(Information provided)

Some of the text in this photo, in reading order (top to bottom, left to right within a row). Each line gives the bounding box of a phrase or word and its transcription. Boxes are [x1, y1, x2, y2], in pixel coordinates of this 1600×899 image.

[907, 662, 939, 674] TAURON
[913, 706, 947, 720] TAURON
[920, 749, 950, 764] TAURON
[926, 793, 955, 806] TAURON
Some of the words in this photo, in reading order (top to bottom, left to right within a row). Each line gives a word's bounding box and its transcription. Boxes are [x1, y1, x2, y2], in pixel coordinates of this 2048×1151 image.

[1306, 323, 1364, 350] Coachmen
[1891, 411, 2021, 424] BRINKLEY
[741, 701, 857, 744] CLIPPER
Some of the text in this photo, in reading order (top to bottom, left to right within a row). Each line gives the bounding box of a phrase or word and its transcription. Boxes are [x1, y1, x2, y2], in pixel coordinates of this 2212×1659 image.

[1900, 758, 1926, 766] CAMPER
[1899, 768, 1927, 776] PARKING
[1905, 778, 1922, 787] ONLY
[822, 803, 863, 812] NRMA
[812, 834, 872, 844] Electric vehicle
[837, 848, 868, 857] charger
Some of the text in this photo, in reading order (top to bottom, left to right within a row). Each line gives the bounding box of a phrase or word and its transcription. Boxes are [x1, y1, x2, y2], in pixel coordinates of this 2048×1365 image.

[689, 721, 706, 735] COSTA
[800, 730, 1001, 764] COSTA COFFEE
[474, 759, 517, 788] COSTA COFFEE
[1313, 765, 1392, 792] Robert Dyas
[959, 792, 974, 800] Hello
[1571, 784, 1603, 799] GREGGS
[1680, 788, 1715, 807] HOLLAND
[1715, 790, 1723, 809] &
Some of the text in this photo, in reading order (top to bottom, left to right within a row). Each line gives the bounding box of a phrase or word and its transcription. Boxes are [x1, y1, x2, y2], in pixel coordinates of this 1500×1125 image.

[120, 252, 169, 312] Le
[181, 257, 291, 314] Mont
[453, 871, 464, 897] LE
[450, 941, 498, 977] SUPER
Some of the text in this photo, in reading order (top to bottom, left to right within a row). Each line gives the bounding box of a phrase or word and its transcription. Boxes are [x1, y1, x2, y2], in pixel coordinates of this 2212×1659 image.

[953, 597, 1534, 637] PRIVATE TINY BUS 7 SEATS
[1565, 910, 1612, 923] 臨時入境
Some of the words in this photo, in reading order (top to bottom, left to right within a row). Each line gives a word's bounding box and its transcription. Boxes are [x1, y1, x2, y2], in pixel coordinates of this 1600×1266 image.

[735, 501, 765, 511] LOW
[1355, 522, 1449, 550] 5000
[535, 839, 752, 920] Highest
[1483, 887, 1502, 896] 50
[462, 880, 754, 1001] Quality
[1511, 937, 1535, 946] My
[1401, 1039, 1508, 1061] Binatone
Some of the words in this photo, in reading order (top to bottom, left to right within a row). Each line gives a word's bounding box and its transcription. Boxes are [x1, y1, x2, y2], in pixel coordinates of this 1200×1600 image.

(End Information provided)

Your objective:
Write every line of the material above again, exactly.

Exercise solution:
Some of the text in this photo, in reading order (top to bottom, left to right within a row). Each line gives the bounding box of a phrase or word and its transcription. Boxes are [x1, y1, x2, y2], in pixel coordinates of this 1600×899 image.

[907, 662, 939, 674] TAURON
[913, 706, 947, 720] TAURON
[920, 749, 950, 764] TAURON
[926, 793, 955, 806] TAURON
Some of the words in this photo, in reading order (top to bottom, left to right within a row). Each line gives a word's bounding box and its transcription. Boxes are [x1, y1, x2, y2], in pixel coordinates of this 2048×1151 image.

[1306, 323, 1364, 350] Coachmen
[1891, 411, 2021, 424] BRINKLEY
[741, 701, 857, 744] CLIPPER
Some of the text in this photo, in reading order (top to bottom, left to right within a row). Each line gives the bounding box of a phrase or word and its transcription. Boxes are [x1, y1, x2, y2], in pixel coordinates of this 2212×1659 image.

[1900, 758, 1926, 766] CAMPER
[1899, 768, 1927, 776] PARKING
[1905, 778, 1922, 787] ONLY
[822, 803, 863, 812] NRMA
[812, 834, 872, 844] Electric vehicle
[837, 848, 868, 857] charger
Some of the text in this photo, in reading order (top to bottom, left to right within a row). Each line gives the bounding box of a phrase or word and its transcription. Boxes are [x1, y1, x2, y2], in pixel coordinates of this 2048×1365 image.

[689, 721, 706, 735] COSTA
[800, 730, 1001, 764] COSTA COFFEE
[474, 759, 517, 788] COSTA COFFEE
[1313, 765, 1392, 792] Robert Dyas
[959, 792, 974, 800] Hello
[1571, 784, 1603, 799] GREGGS
[1680, 788, 1715, 807] HOLLAND
[1715, 790, 1723, 809] &
Some of the text in this photo, in reading order (top to bottom, left to right within a row). Each line gives the bounding box of a phrase or word and its transcription. Boxes are [x1, y1, x2, y2], in pixel coordinates of this 1500×1125 image.

[120, 252, 169, 312] Le
[181, 257, 291, 314] Mont
[453, 871, 464, 897] LE
[450, 941, 498, 977] SUPER
Some of the text in this photo, in reading order (top to bottom, left to right within a row). Each line gives the bounding box of a phrase or word and its transcription. Boxes are [x1, y1, x2, y2], in pixel coordinates of this 2212×1659 image.

[953, 597, 1534, 637] PRIVATE TINY BUS 7 SEATS
[1565, 910, 1612, 923] 臨時入境
Some of the words in this photo, in reading order (top to bottom, left to right within a row). Each line gives a word's bounding box and its transcription. Boxes are [x1, y1, x2, y2], in pixel coordinates of this 1600×1266 image.

[735, 501, 765, 511] LOW
[1355, 522, 1449, 550] 5000
[535, 839, 752, 920] Highest
[1483, 887, 1502, 896] 50
[462, 880, 754, 1001] Quality
[1511, 937, 1535, 946] My
[1401, 1039, 1508, 1061] Binatone
Some of the words in this photo, in reading order (top to bottom, left to right within a row). Each line gives a word's bounding box and its transcription. Boxes are [x1, y1, x2, y2], in pixel coordinates of this 1200×1600 image.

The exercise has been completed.